16. Ground 4 related to the findings made paragraph 36 of the nature of threats. However as the grounds set out there was some evidence in support of the factual claim made (page 13) and in any event the relevance of the fear of threat (even if factually unsubstantiated) was a matter referred to in the medical report at paragraph 96.
17. In the light of the above matters, I am satisfied that the central submissions made on behalf of the Appellant to which I have made reference to which concerns the core issue relating to the Appellant's mental health and her factual circumstances in the UK and her home country are made out. Thus I am satisfied for the reasons given by both advocates, that the central issue relating to the Appellant's mental health and the effect upon the core issues regarding insurmountable obstacles, and very significant obstacles and in general return to her home country, either alone or with her spouse, was not considered in the light of all of the evidence which included the surrounding supporting evidence and, in the light of the evidence that had been given. It thereby rendered the findings of fact and analysis of the core issues to be flawed. Thus the decision cannot stand and will be set aside. Both parties submitted that in the circumstances none of the findings could be preserved.

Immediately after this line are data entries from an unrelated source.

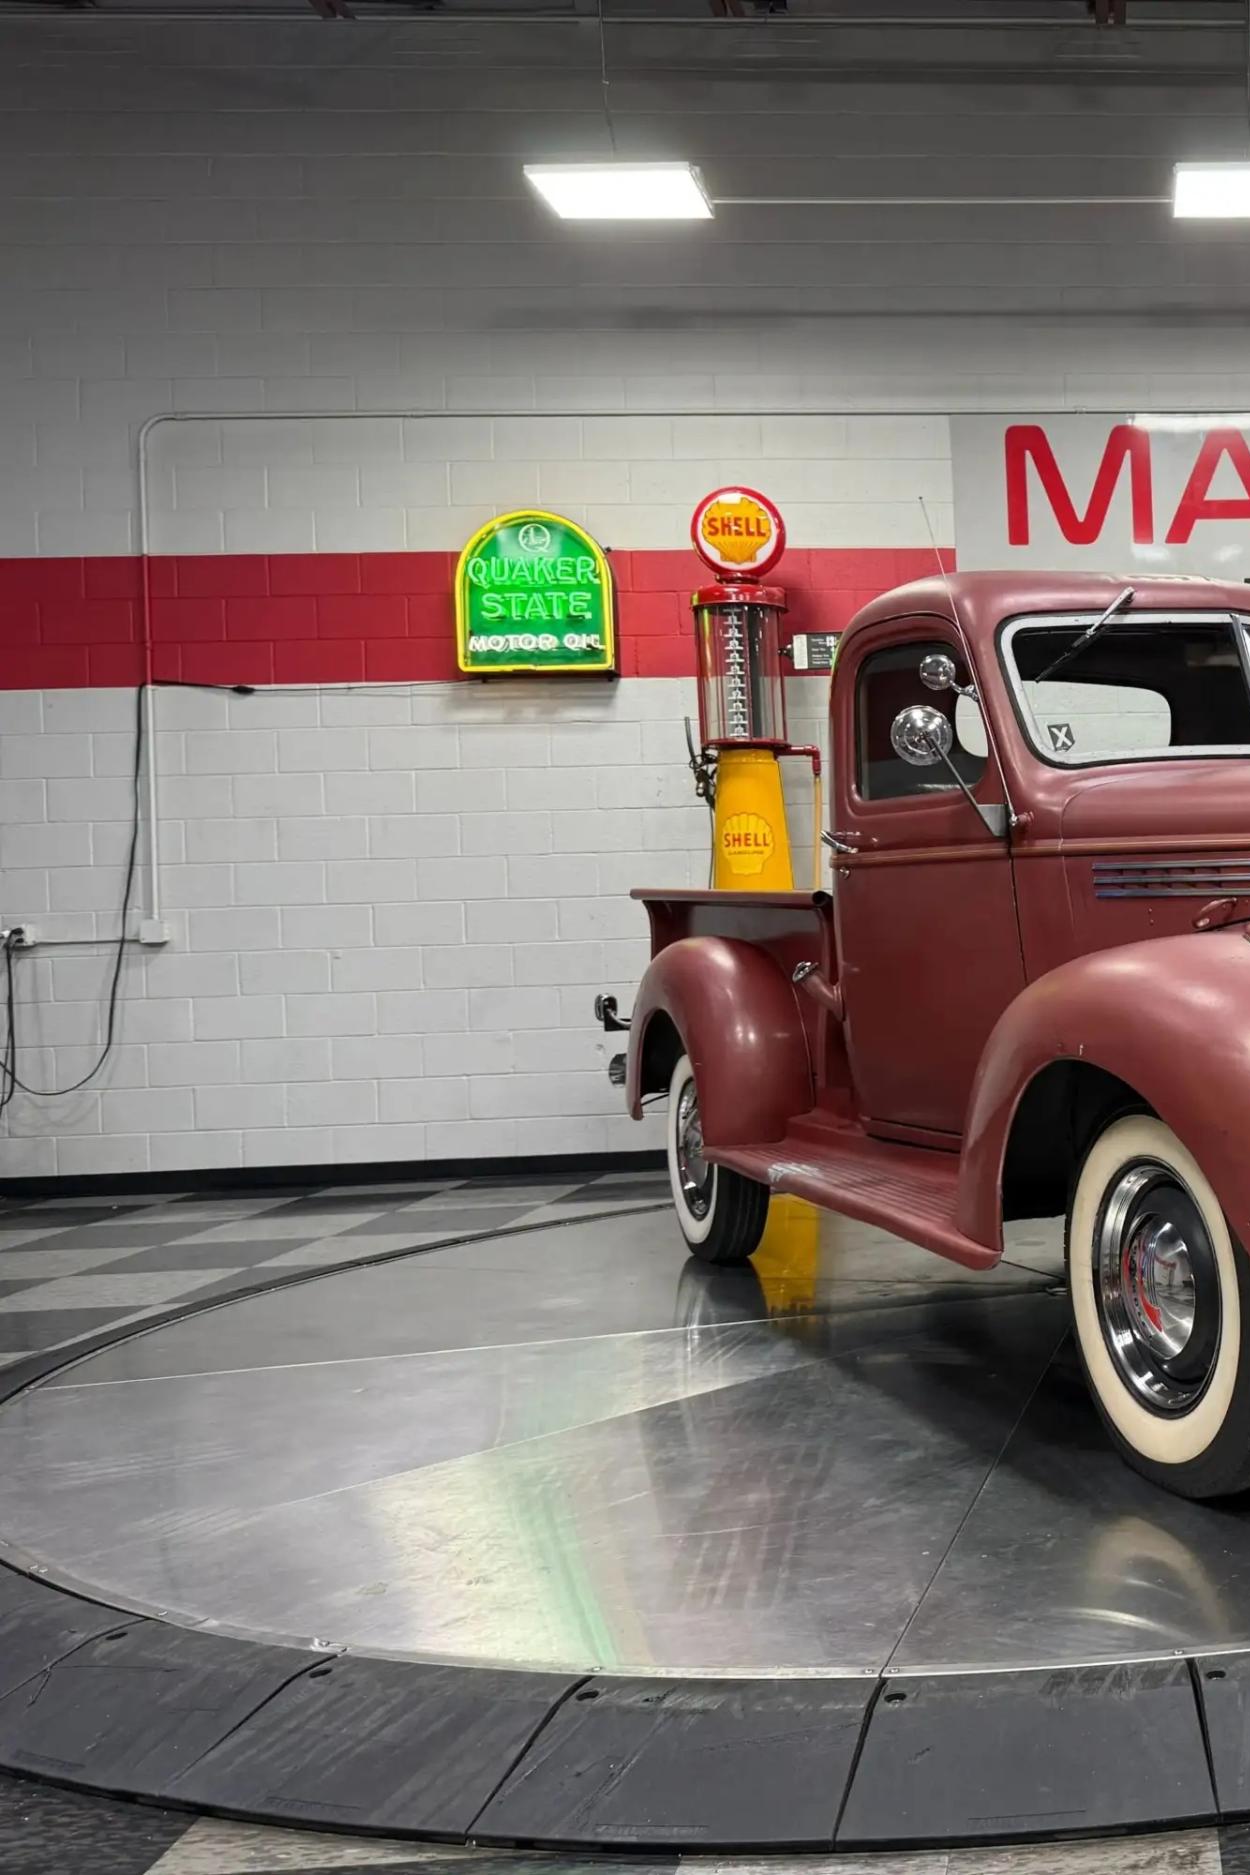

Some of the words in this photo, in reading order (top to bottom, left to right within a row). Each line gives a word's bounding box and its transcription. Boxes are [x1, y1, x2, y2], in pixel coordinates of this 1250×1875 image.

[707, 516, 767, 538] SHELL
[467, 556, 601, 589] QUAKER
[481, 591, 593, 621] STATE
[469, 633, 559, 653] MOTOR
[563, 633, 606, 650] OIL
[723, 832, 770, 848] SHELL

18. As to the remaking of the decision, both advocates submitted that the correct course to adopt in a case of this nature would be for the appeal to be remitted to the First-tier Tribunal. I gave time for Mr Gaisford to consider this further and he responded by email confirming that this was the way in which the case should be reconsidered. In the light of those submissions, I am satisfied that this is the correct course to take and therefore I set aside the decision of the First-tier Tribunal and it will be remitted to the First-tier Tribunal to hear afresh. It may require an updated medical reports and for witness evidence but it is not necessary for me to make any onward directions as this can be clarified by the Appellant's solicitors.
Decision:
The decision of the First-tier Tribunal involved the making of an error on point of law; the decision is set aside and remitted to the FTT.

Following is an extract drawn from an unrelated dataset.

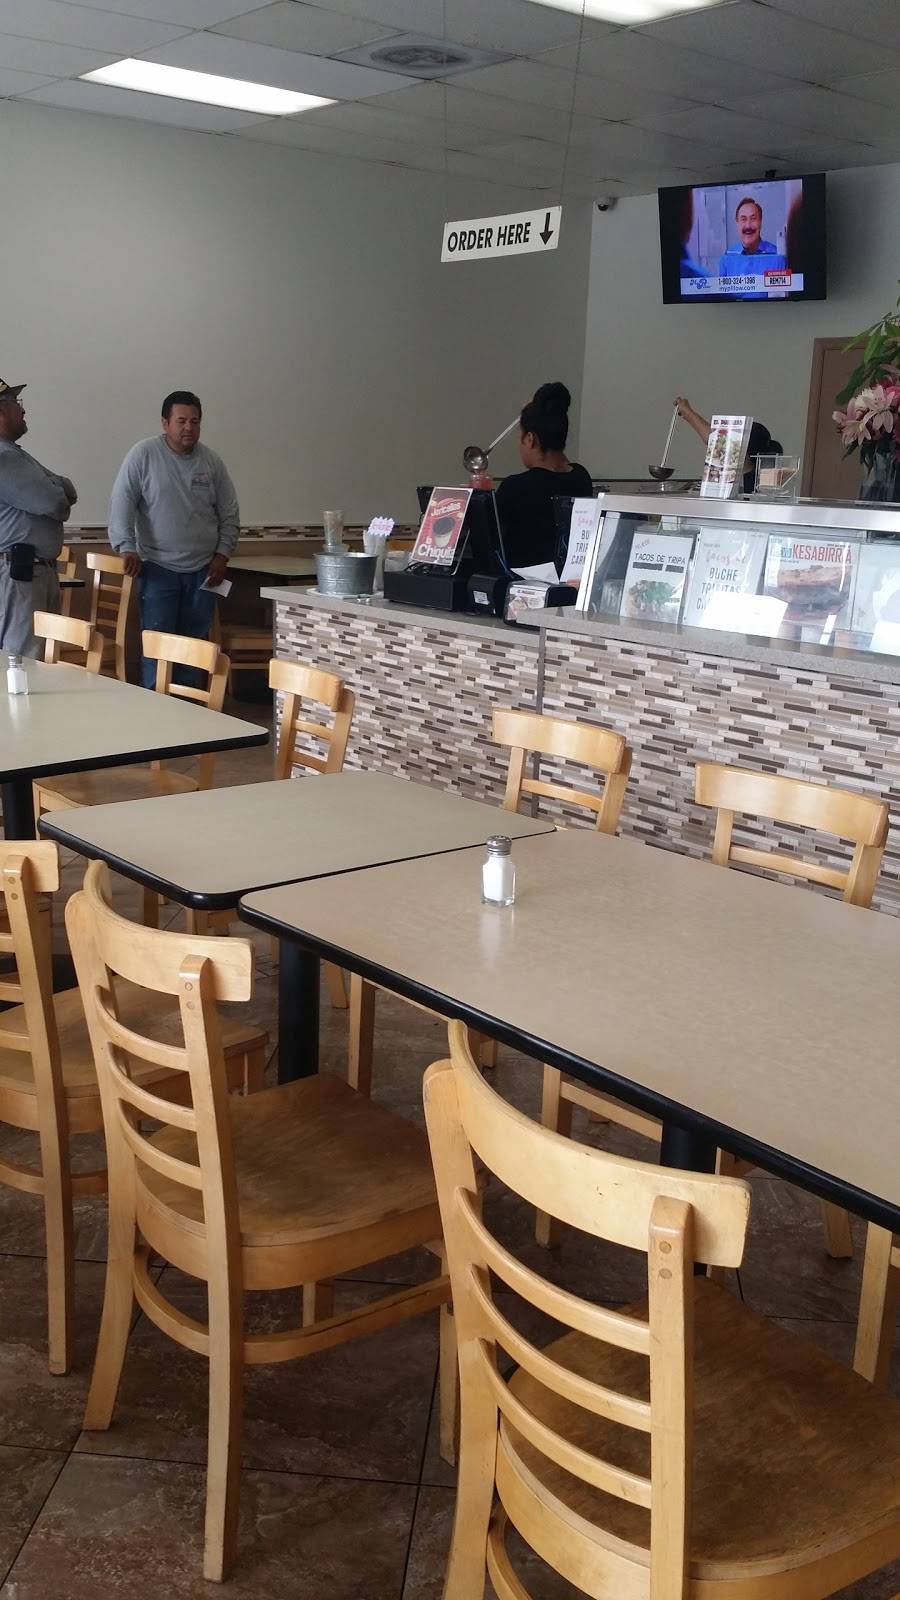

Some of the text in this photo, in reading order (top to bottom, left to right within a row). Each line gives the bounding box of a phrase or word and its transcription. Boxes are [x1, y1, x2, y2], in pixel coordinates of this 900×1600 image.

[447, 222, 531, 252] ORDER HERE
[634, 552, 686, 565] TACOS DE TRIPA
[709, 567, 739, 581] BUCHE

Direction Regarding Anonymity - Rule 14 of the Tribunal Procedure (Upper Tribunal) Rules 2008 . Unless and until a Tribunal or court directs otherwise, the Appellant is granted anonymity. No report of these proceedings shall directly or indirectly identify her or any member of her family. The direction applies both to the Appellant and to the Respondent. Failure to comply with this direction could lead to contempt of court proceedings.